ODESSA, TX (KWES) - A police captain who assisted in a 1989 murder investigation spoke out Monday about the relief of gaining closure 26 years later.
Odessa Police Capt. Jesse Duarte was assigned to the Narcotic/Vice Division in February 1989 when 15-year-old Wendy Burdette was found dead in a field behind Permian Metals on West 2nd Street.
The Odessa High School student was raped, brutally beaten, stabbed multiple times and had her throat cut, according to investigators.
"The scene wasn't all that good," Duarte recalled.
He turned to informants for any possible clues, while detectives heading the case worked day and night for months.
"They were trying to follow up on all leads, but they just weren't [leading] to anything," Duarte told NewsWest 9.
Their lucky break came more than two decades later, when the state began enforcing a sex offender registration law in 2013.
"Basically, Texas state law requires all sex offenders to submit DNA samples," explained Odessa Police spokesman Cpl.

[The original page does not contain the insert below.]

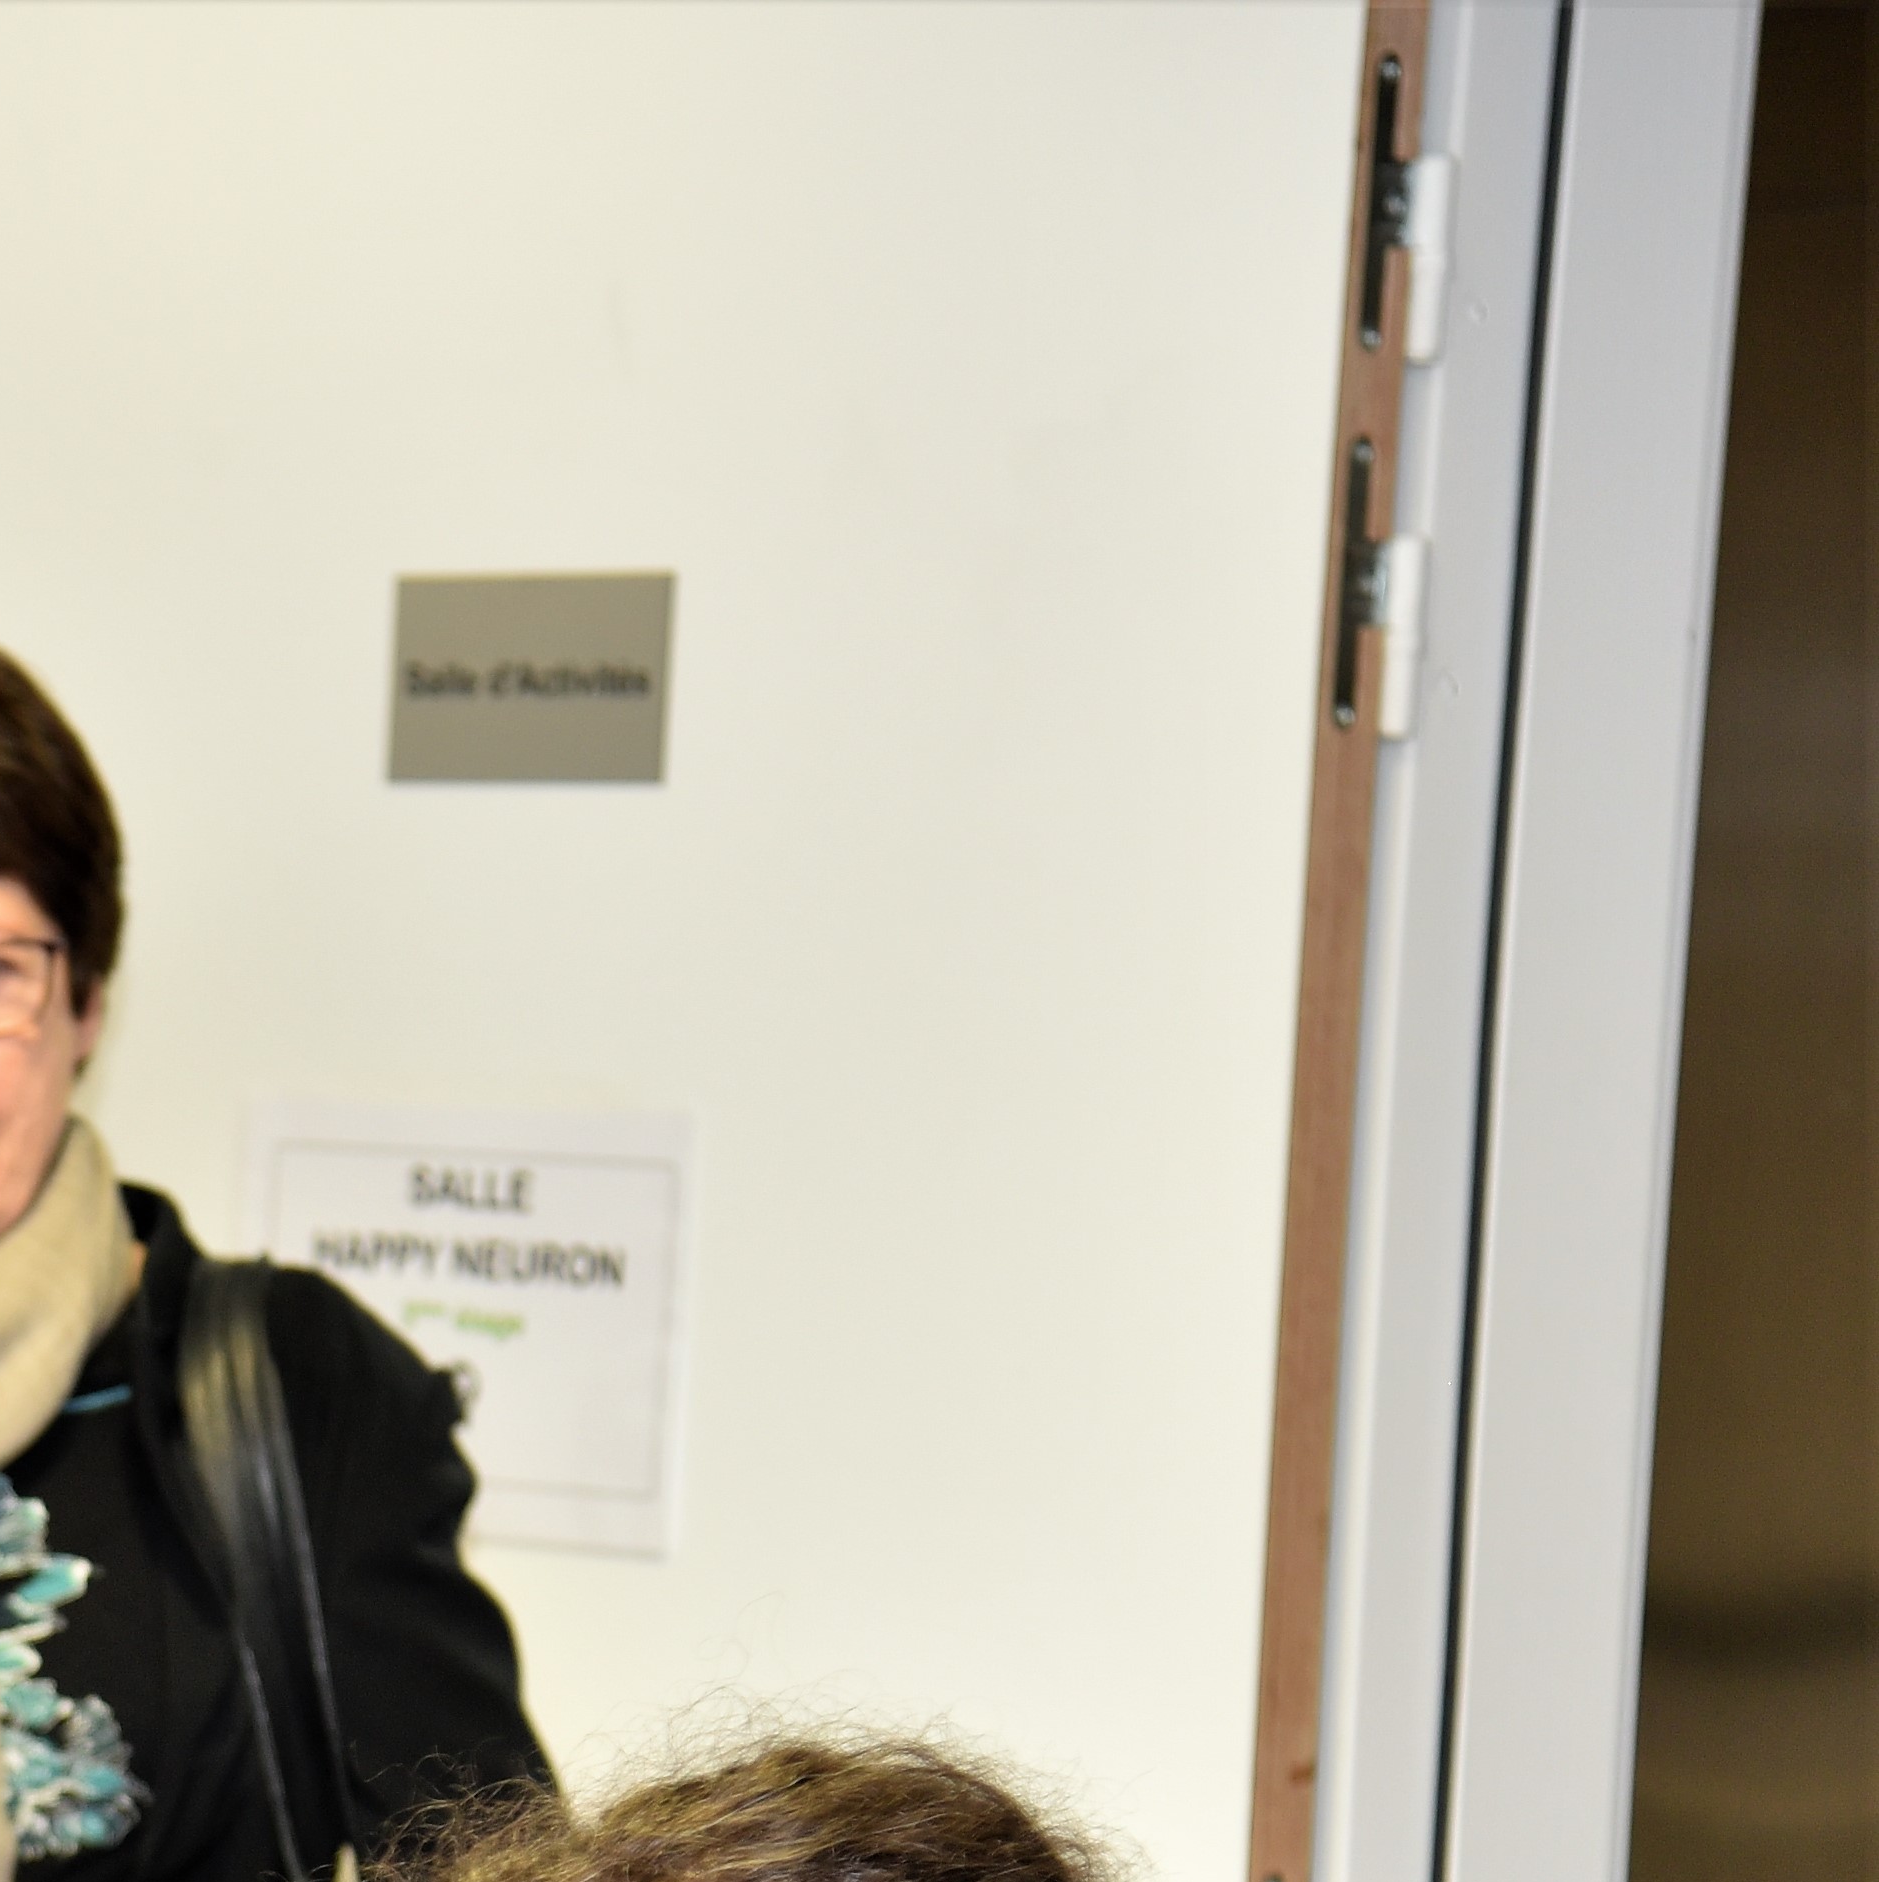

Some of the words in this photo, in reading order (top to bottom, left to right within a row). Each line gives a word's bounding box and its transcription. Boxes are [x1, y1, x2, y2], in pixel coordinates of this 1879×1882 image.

[408, 1162, 533, 1214] SALLE
[312, 1230, 437, 1278] HAPPY
[451, 1236, 626, 1289] NEURON

Steve LeSueur. "[The Department of Public Safety] found out Thompson Stricklen's DNA matched evidence found at the scene [of Wendy Burdette's murder] and alerted us."
Thompson Ward Stricklen Jr., 52, had previously been questioned as a suspect in Burdette's stabbing death. However, police never had probable cause to arrest him, LeSueur said.
That changed on July 16, when the DNA match reported by DPS was confirmed with evidence from Burdette's autopsy.
Stricklen was arrested in Rusk County and is being held at the Ector County Detention Center on bonds totaling $350,000, according to a news release from Odessa Police. He has previously served prison sentences for indecency with a child, solicitation of murder and retaliation, officials said, and has been convicted of having sex with a mentally disabled sister-in-law.